How to Screw Up a Blog PostHey, it’s a jungle out there. There’s a blog for everything. Food photography, travel blogs, political rant pages, corporate musings, fan page free-for-alls . . . you name it. With all that competition, who wants to stand out and create an engaging, creative blog that actually adds value to the Internet? Not you. Quality work and responsibility to readers are just too much darn effort. You and I, we much prefer to float comfortably in the recesses of Internet no man’s land. We’re not attention seekers—we’re far too lazy for that. Afraid your blog might actually do well? Follow these simple blogging tips to make sure your blog is a complete and utter dud—in fact, its boo-boos won’t even go viral. It’ll even fail at failing.

1. Don’t proofread.

Typos, punctuation errors, and painful spelling mistakes are the quickest, easiest way to give your blog a death sentence (ooh, the puns). After all, a clean, error-free post might actually make you look credible, and you don’t want that.

2. Remove all comprehensible train of thought.

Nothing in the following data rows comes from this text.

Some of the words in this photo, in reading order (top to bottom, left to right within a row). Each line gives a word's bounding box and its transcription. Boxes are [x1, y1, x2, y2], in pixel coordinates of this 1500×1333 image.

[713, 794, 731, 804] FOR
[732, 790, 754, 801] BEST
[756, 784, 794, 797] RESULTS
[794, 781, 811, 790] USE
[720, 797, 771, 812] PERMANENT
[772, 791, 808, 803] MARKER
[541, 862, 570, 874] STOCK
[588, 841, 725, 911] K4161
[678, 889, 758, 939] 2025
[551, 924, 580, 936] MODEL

You know what happens when your writing is easy to read and has a logical flow, don’t you? People might *gasp* keep reading it. All structure, consistency of tone, and clear thought processes must be removed from your writing. Immediately.

3. Post irregularly, if at all.

It’s bad enough that you have to be bombarded by all those bloggers constantly updating their sites with structured, consistent schedules. Who do they think they are, anyway? You certainly don’t want to add to the success mess, and you really need to take care of those annoying Internet prowlers who have decided that your blog is interesting, or they’ll stick around no matter what. How can you rid yourself of such pests? Well, stop posting, of course! Or, if you must, post at random with long stretches of silence in between. Once you’re off your readers’ radar and have established that you can’t be relied on, they’ll swipe on to terrorize the next site with their incessant subscriptions, comments, and shares.

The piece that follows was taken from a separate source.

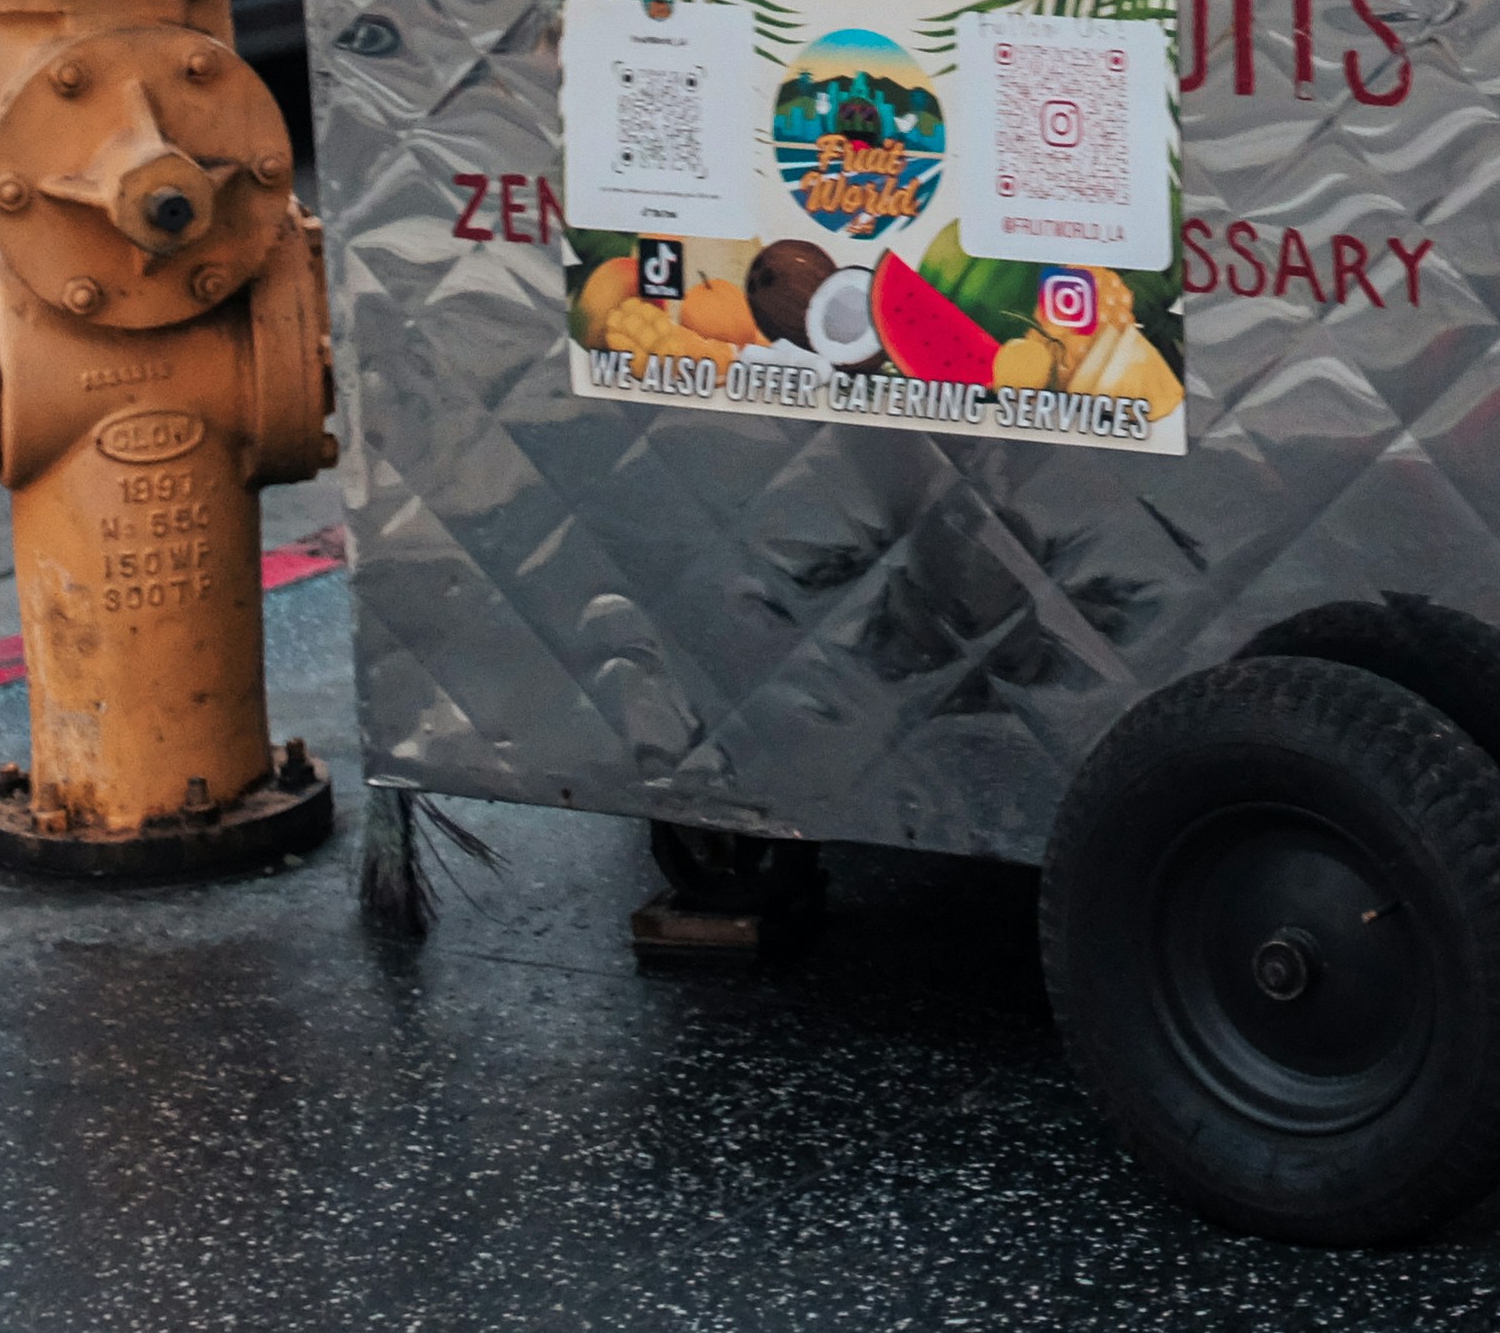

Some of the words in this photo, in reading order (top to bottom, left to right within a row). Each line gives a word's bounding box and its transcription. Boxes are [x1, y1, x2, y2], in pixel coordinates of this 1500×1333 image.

4. Steal whenever possible.

Isn’t Internet rage a joy? Of course it is. And what’s the fastest way to stir up the anger pot? Why, stealing intellectual or creative property, of course! Hijack ideas, writing styles, photos, or other created media, and don’t credit any of the original sources. Be prepared for the initial wave of attention your blog will receive (what horror!) when people start to realize you’re stealing their material, but worry not—it’s all negative, and it won’t last. Once your integrity is destroyed, no one will subscribe to you. You might even be so lucky as to receive a cease-and-desist order.

5. Plaster blank space with gaudy advertisements.

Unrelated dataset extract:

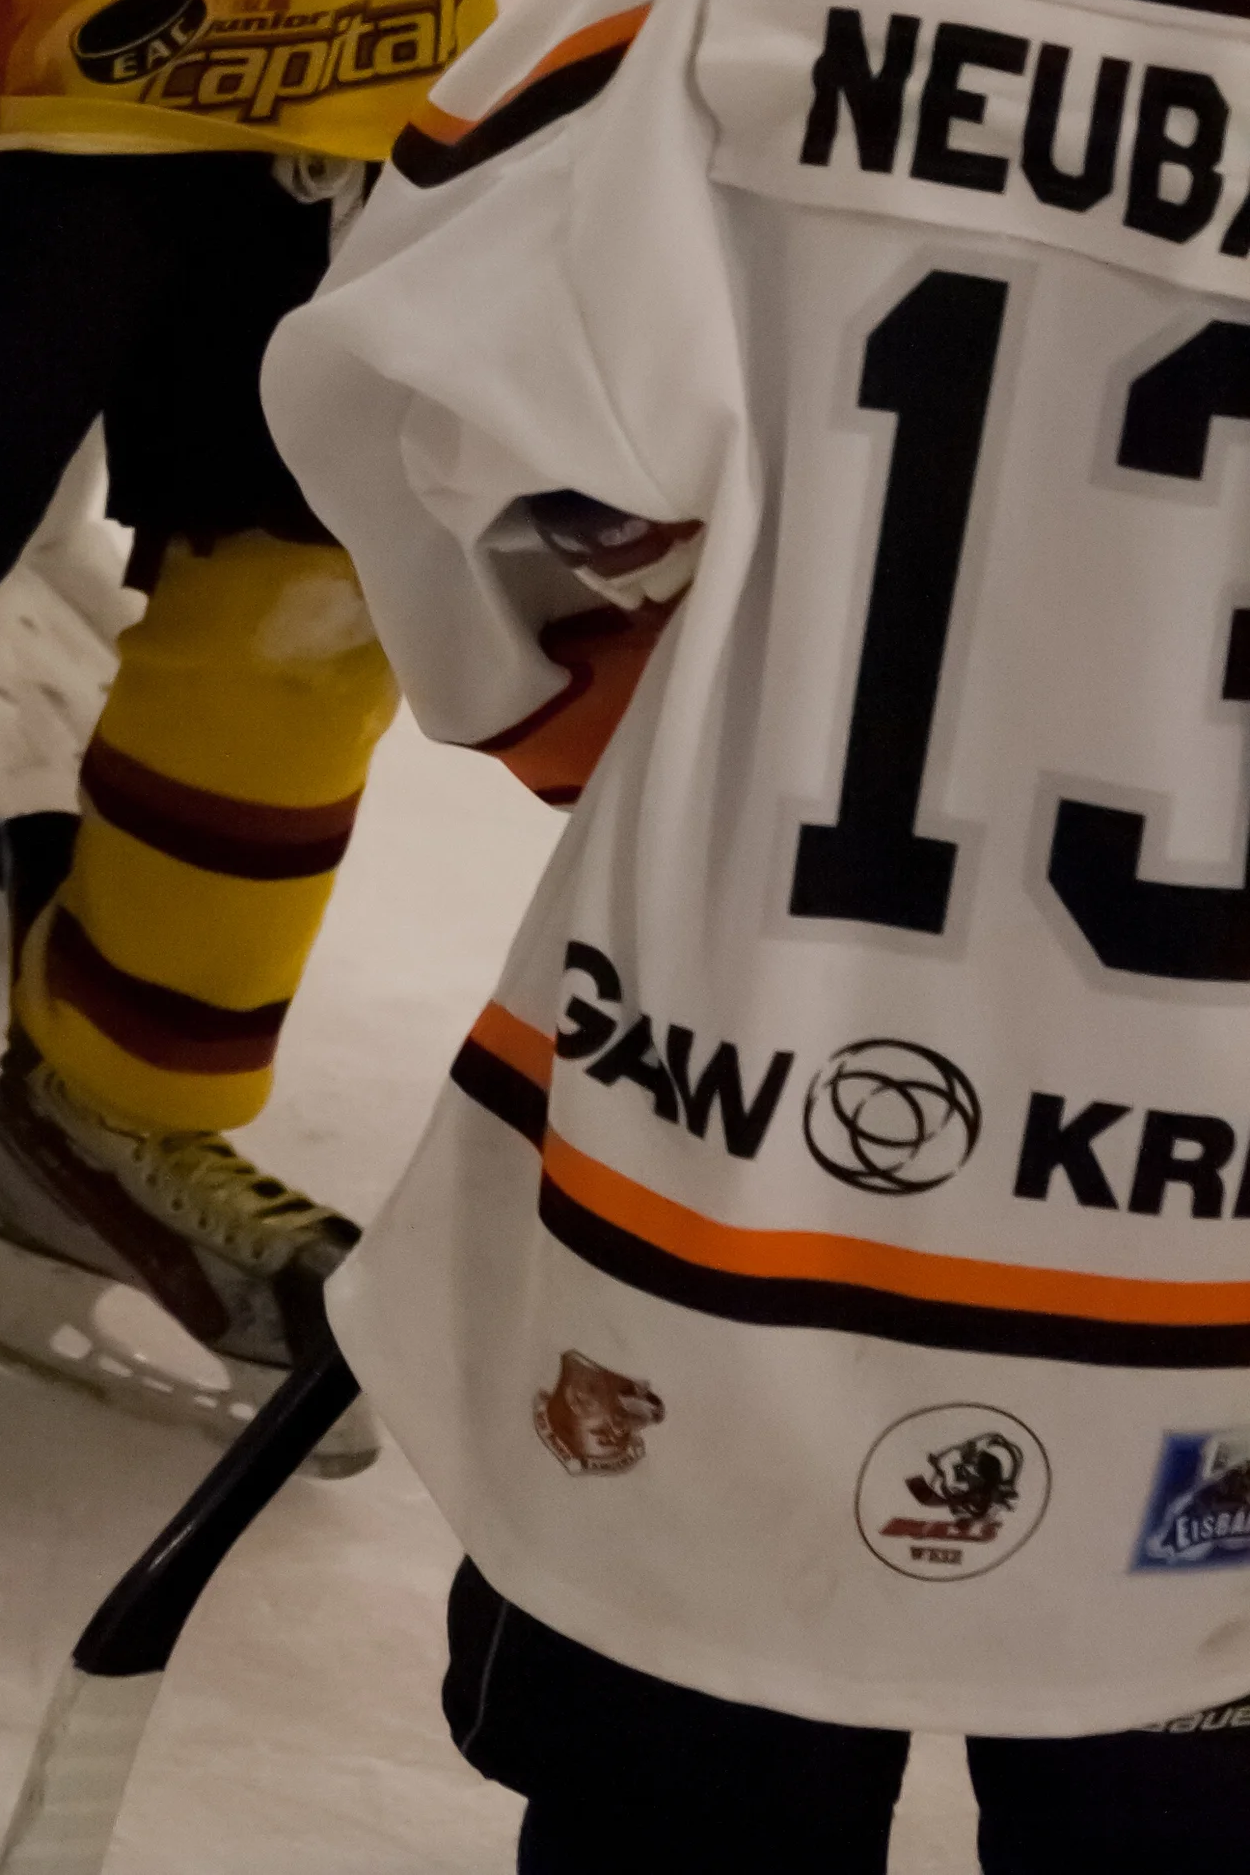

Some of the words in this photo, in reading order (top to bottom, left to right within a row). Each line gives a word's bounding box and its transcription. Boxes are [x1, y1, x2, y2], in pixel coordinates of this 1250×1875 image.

Maybe you’re a literary genius. Despite all your best efforts, you just can’t turn off the wordsmith charm, and people keep flocking back to your blog. Lucky for you, there’s a fail-safe to divert readers from even the best content: gratuitous advertising. Banner ads, pop-ups, and sidebar post-its will send potential subscribers—even the ones who really want to stay—away from your blog with grimaces on their faces and carpal tunnel in their primary click fingers. Did you know the speed at which a user runs from your page is directly proportional to the degree to which ads are unrelated to your blog’s topic?

6. Fill up on keywords.

Google keeps getting smarter and faster when it comes to finding more ways to send people to your page. How rude! Lucky for you, there are always new ways to convince the Google bots that your page isn’t worth visiting. Some of the latest? Saturating your content, tags, and anchors with keywords, of course! Once your text is so agonizingly full of keywords that it’s nigh unreadable, and your primary keyword is in every tag, even when it doesn’t make sense for it to be, Google will obligingly penalize your blog so that it appears too far down in search results ever to be noticed.

7. Ignore your readers.

Ugh, are people leaving comments, tagging you in things, asking questions, and suggesting content for future posts? Give them the silent treatment. Readers stick around when they feel like they receive a personalized, relevant, engaging experience, which of course you don’t want. By no means should you ever reply to readers when they make an effort to communicate with you. That would just make them feel too validated and like they actually gained something from your blog. Yuck.

In summary . . .

Be a bore. Be inconsistent. Over-advertise. Refuse to communicate. Publish your typos. Steal. Confuse. Distract. Disappear. Such are the magic tools by which you can keep your blog safe from Internet success. Now who wants to hang out on MySpace?